Pandas is a data analysis library written in Python. It can read, filter, and re-arrange small and large datasets in a variety of formats, including Excel.

Pandas use the XlsxWriter modules to write Excel files.

Also Read: Python Programming Examples with Output

XlsxWriter Module in Python

XlsxWriter is a Python module that allows you to write files in the XLSX file format. It can be used to fill several spreadsheets with text, numbers, and formulas. It also allows formatting, images, charts, page setup, auto filters, conditional formatting, and many more features.

Installation:

Use the following command to install the XlsxWriter module.

pip install xlsxwriter
Output:
Looking in indexes: https://pypi.org/simple, https://us-python.pkg.dev/colab-wheels
/public/simple/
Collecting xlsxwriter
Downloading XlsxWriter-3.0.3-py3-none-any.whl (149 kB)
|████████████████████████████████| 149 kB 5.3 MB/s 
Installing collected packages: xlsxwriter
Successfully installed xlsxwriter-3.0.3

DataFrame.to_excel() in Pandas:

Using the to_excel() function, we can export the DataFrame to an Excel file.

The target file name must be specified when writing a single object to an excel file. If we wish to write to many/multiple sheets, we must first create an ExcelWriter object with the target filename and then indicate the sheet in the file we want to write to.

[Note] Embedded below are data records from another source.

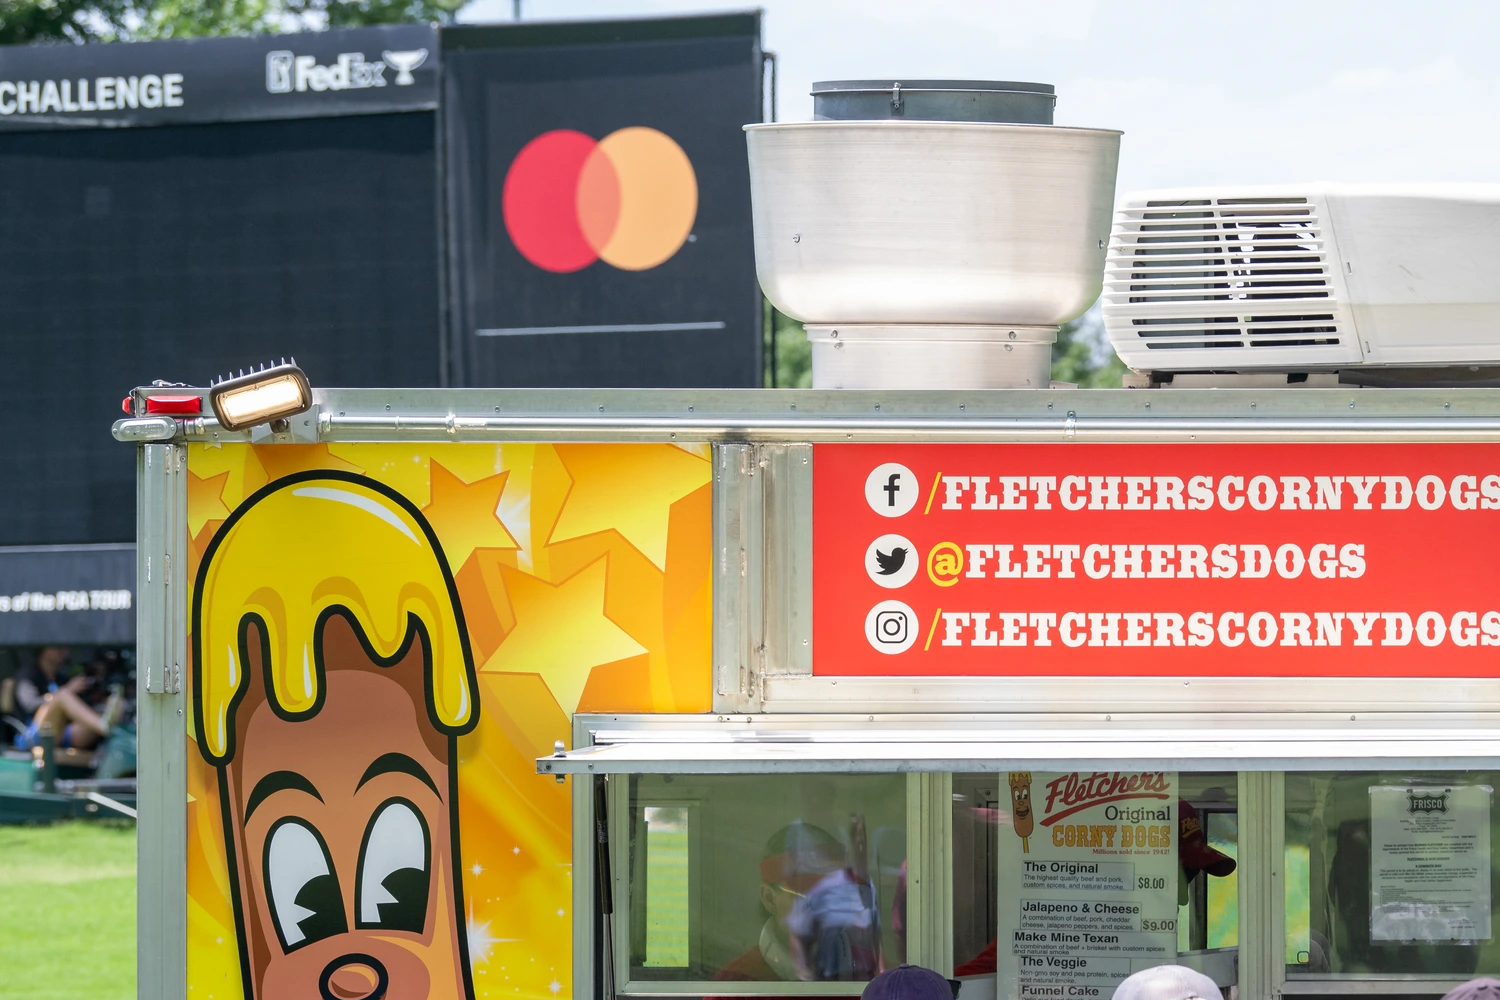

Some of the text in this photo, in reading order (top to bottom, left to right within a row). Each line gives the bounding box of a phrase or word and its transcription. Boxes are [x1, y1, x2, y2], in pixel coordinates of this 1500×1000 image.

[295, 51, 387, 92] FedEx
[0, 73, 184, 115] CHALLENGE
[927, 541, 1366, 588] @FLETCHERSDOGS
[1044, 772, 1170, 813] Fletchers
[1413, 799, 1443, 809] FRISCO
[1105, 805, 1171, 823] Original
[1052, 825, 1117, 848] CORNY
[1121, 825, 1171, 848] DOGS
[1024, 862, 1098, 875] The Original
[1037, 875, 1058, 883] highest
[1138, 877, 1164, 889] $8.00
[1023, 902, 1139, 914] Jalapeno & Cheese
[1143, 921, 1174, 931] $9.00
[1015, 932, 1119, 943] Make Mine Texan
[1021, 956, 1087, 969] The Veggie
[1021, 986, 1099, 995] Funnel Cake
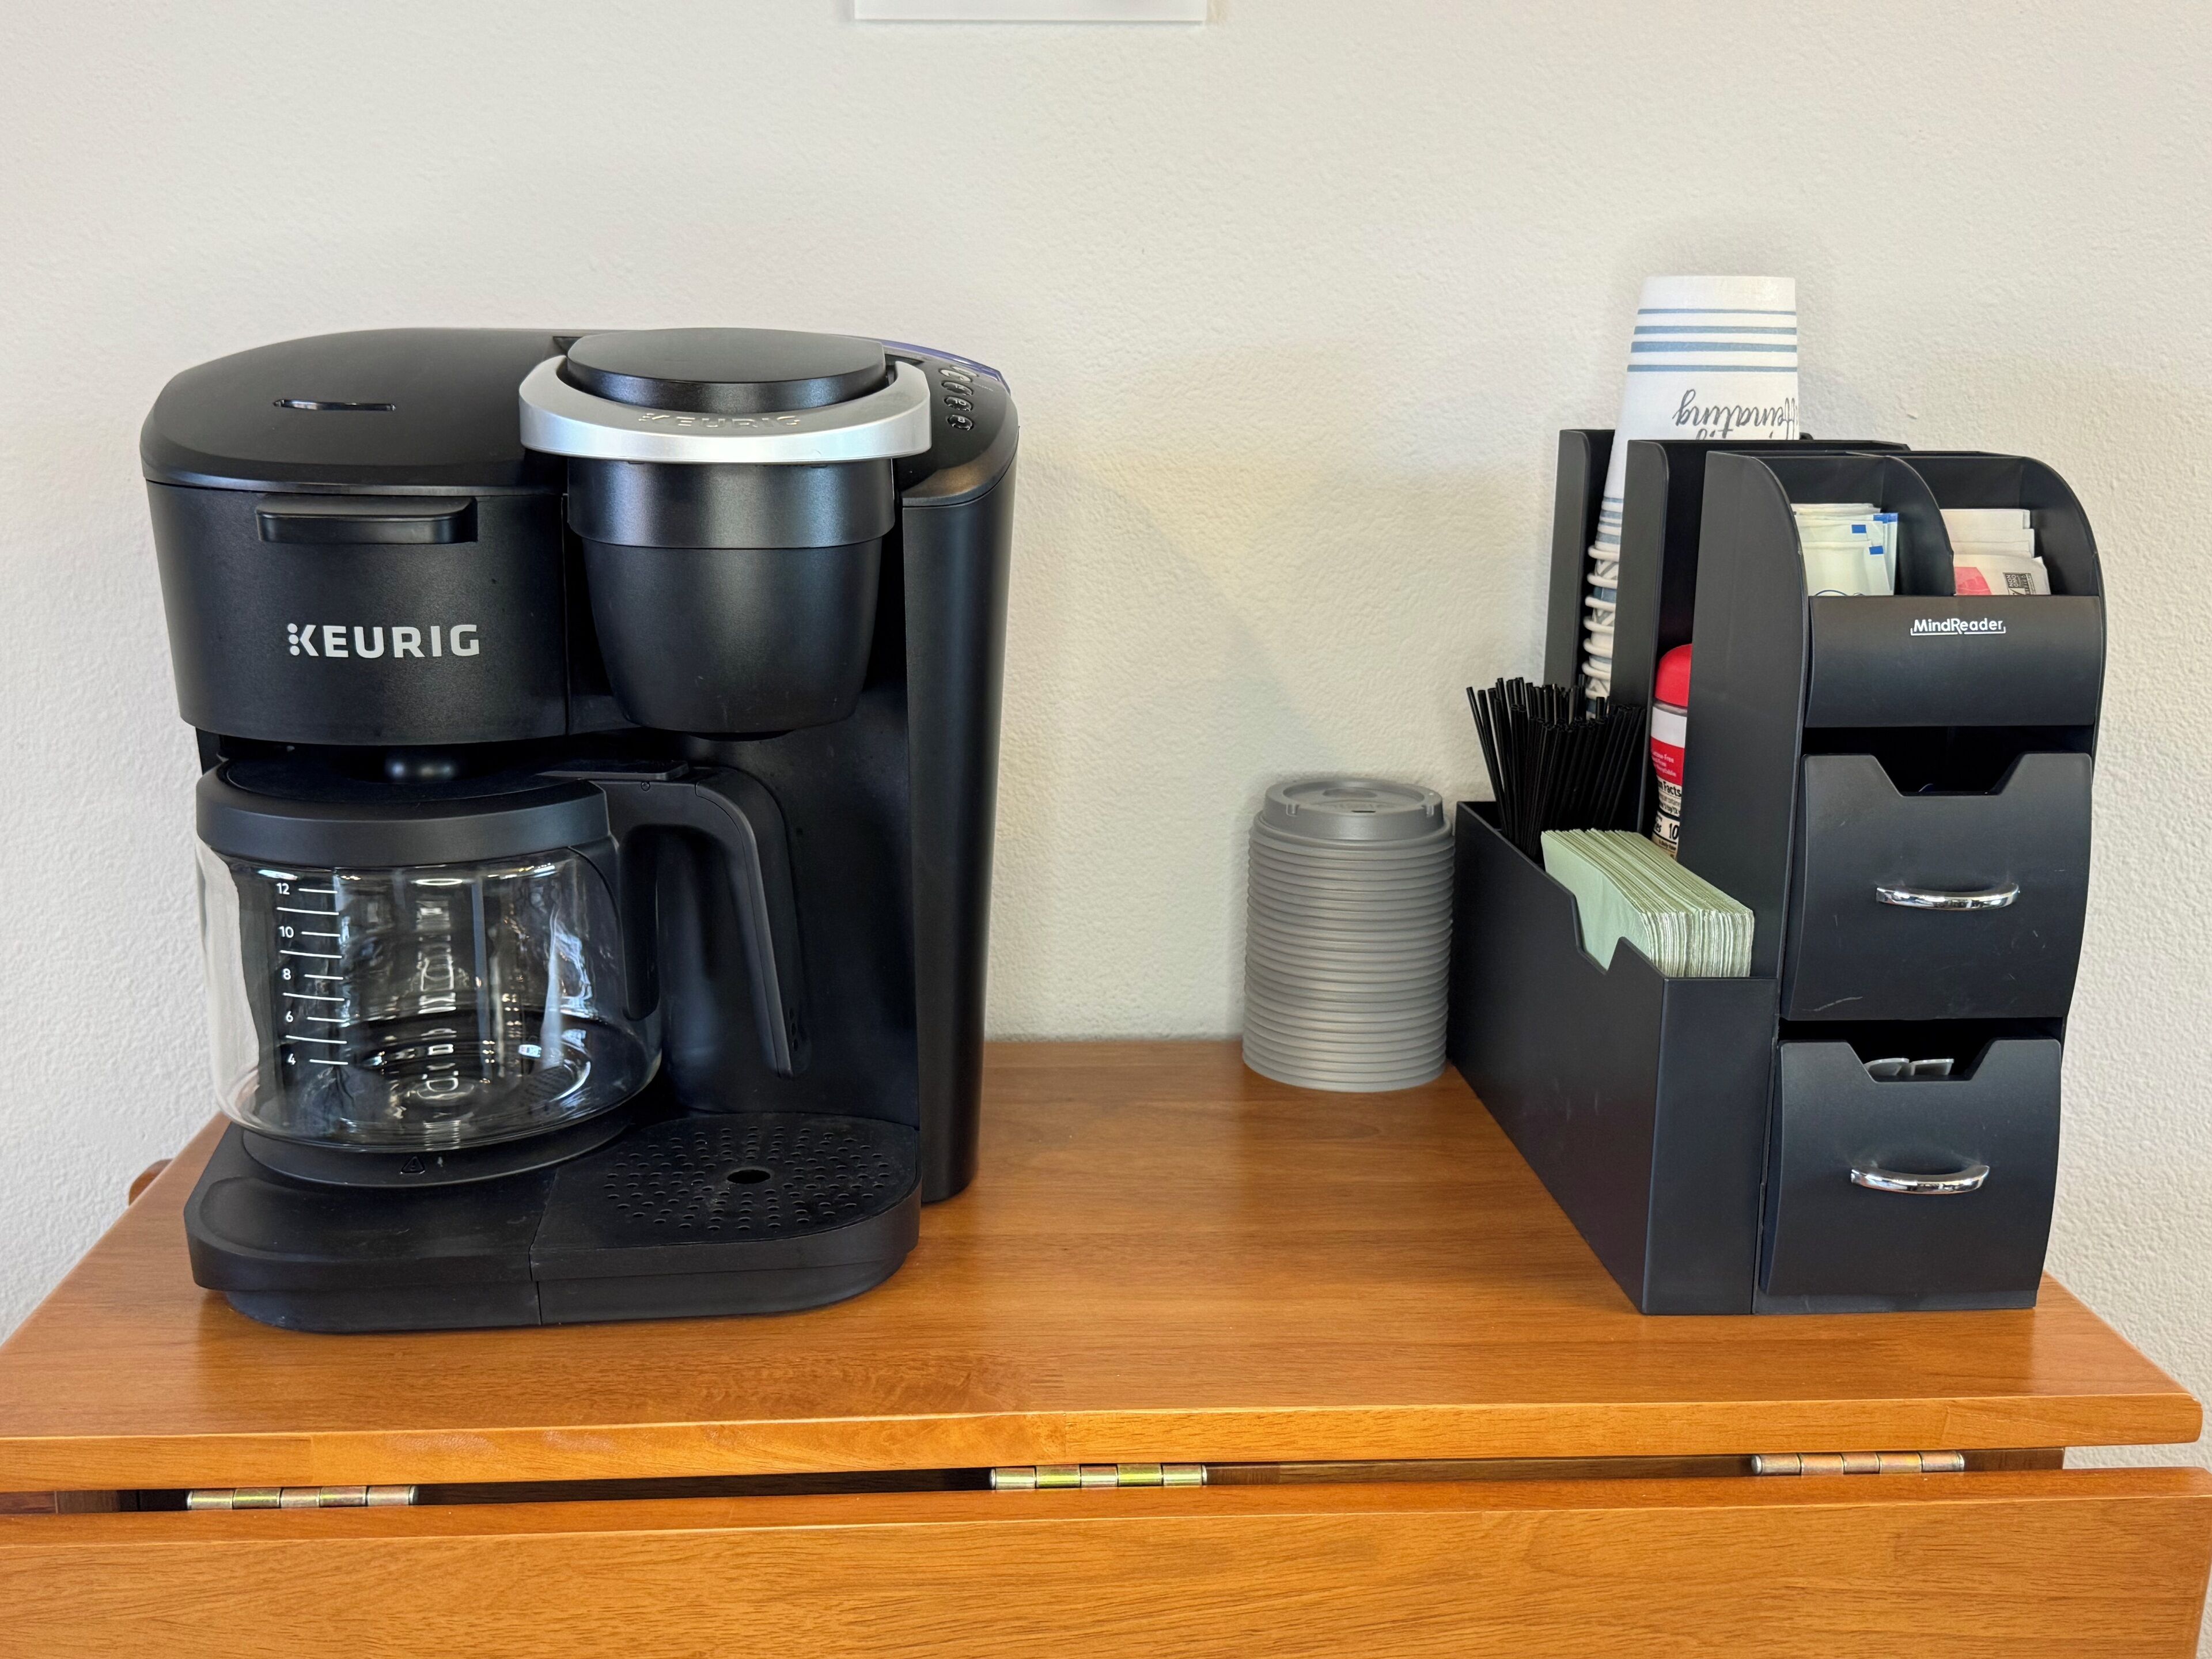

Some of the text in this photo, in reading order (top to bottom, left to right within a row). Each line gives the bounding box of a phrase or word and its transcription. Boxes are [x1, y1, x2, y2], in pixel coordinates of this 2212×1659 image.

[638, 413, 801, 427] KEURIG
[1672, 389, 1798, 440] ffeinating
[2006, 574, 2014, 587] NON
[1913, 618, 2004, 634] MindReader
[287, 623, 480, 658] KEURIG
[1663, 781, 1681, 797] Facts
[1669, 823, 1679, 840] 10
[276, 882, 290, 895] 12
[278, 926, 294, 938] 10
[283, 968, 291, 980] 8
[286, 1010, 294, 1022] 6
[288, 1053, 296, 1065] 4

The unique sheet_name can also be used to write multiple sheets. All modifications made to the data written to the file must be saved.

NOTE:

If we create an ExcelWriter object with a file name that already exists, 
it will erase and overwrite the existing file's content.

Syntax:

DataFrame.to_excel(excel_writer, sheet_name='Sheet1', na_rep='', float_format=None,
columns=None, header=True, index=True, index_label=None, startrow=0, startcol=0, 
engine=None, merge_cells=True, encoding=None, inf_rep='inf', verbose=True,
 freeze_panes=None)

Parameters

  • excel_writer: It is a path of an Excel file or an existing ExcelWriter.
  • sheet_name: It is the name of the sheet containing the DataFrame.
  • na_rep: It is the Missing Data representation.
  • float_format: This is optional. It formats the string for floating-point numbers. (ex: float_format= “%.2f”, formats 0.1316 to 0.13)
  • columns: These are the columns to write.
  • header: The header argument writes out the column names. Suppose, If a list of the string is given, it is assumed to be the aliases for the column names.
  • index: This is Boolean. If it is set to True, it writes the index else NOT.
  • index_label: It indicates the column label for the index column. If it is not given and both the header and the index are True, then the index names are used. If DataFrame uses MultiIndex, a sequence must be specified.
  • startrow: The default value is 0. The upper left cell row to dump the DataFrame.
  • startcol: The default value is 0.  The upper left cell column to dump the DataFrame.
  • engine: This is optional. It Writes the engine to use, ‘openpyxl’ or ‘xlsxwriter’. This can also be set using the options io.excel.xlsx.writer, io.excel.xls.writer, and io.excel.xlsm.writer.
  • merge_cells: This is a Boolean value. The default value is True. It is used to write MultiIndex and Hierarchical rows as the merged cells.
  • encoding: This is optional. It encodes the output excel file. It is just required for the xlwt.
  • inf_rep: This is optional. The default value is inf. In most cases, it represents infinity.
  • verbose: This is a Boolean value. The default value is True. It Displays more information in the error logs.
  • freeze_panes: This is optional. It represents the one-based bottommost row and rightmost column that is to be frozen.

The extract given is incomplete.